* _Study material_:
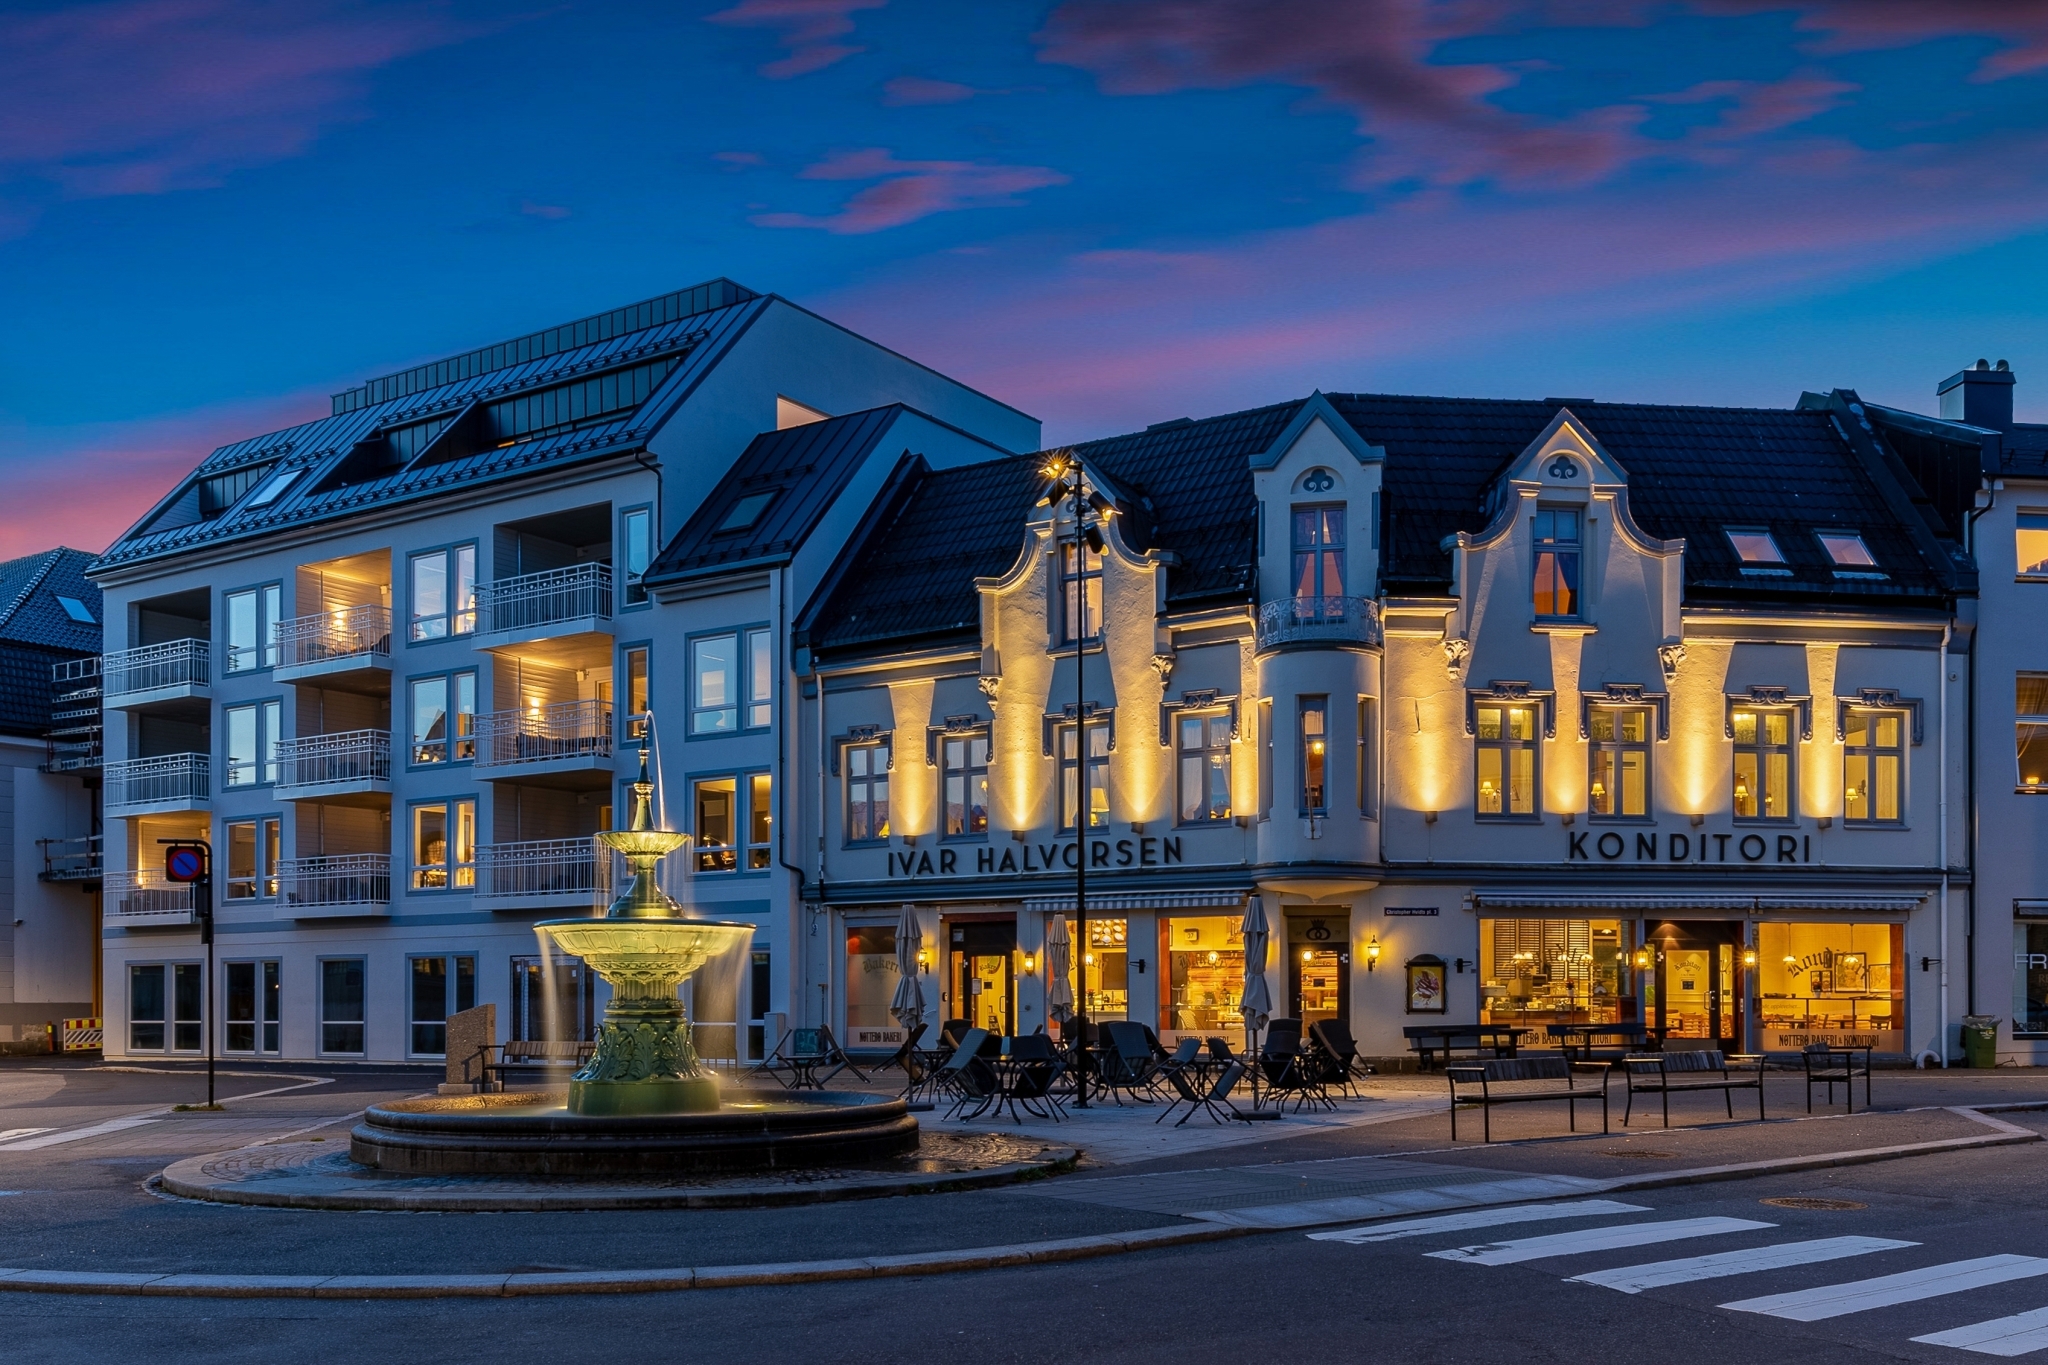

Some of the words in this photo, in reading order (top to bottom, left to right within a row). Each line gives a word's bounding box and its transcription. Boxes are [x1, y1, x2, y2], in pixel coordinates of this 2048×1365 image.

[888, 849, 958, 877] IVAR
[977, 836, 1183, 873] HALVORSEN
[1569, 831, 1810, 863] KONDITORI
[882, 1032, 902, 1042] BAKERI
[1844, 1034, 1880, 1046] KONDITORI

* _What needs to be done_: Retype the full listing exactly; pictures stay out.

* _Answer below_:
Some of the words in this photo, in reading order (top to bottom, left to right within a row). Each line gives a word's bounding box and its transcription. Boxes are [x1, y1, x2, y2], in pixel coordinates of this 2048×1365 image.

[888, 849, 958, 877] IVAR
[977, 836, 1183, 873] HALVORSEN
[1569, 831, 1810, 863] KONDITORI
[882, 1032, 902, 1042] BAKERI
[1844, 1034, 1880, 1046] KONDITORI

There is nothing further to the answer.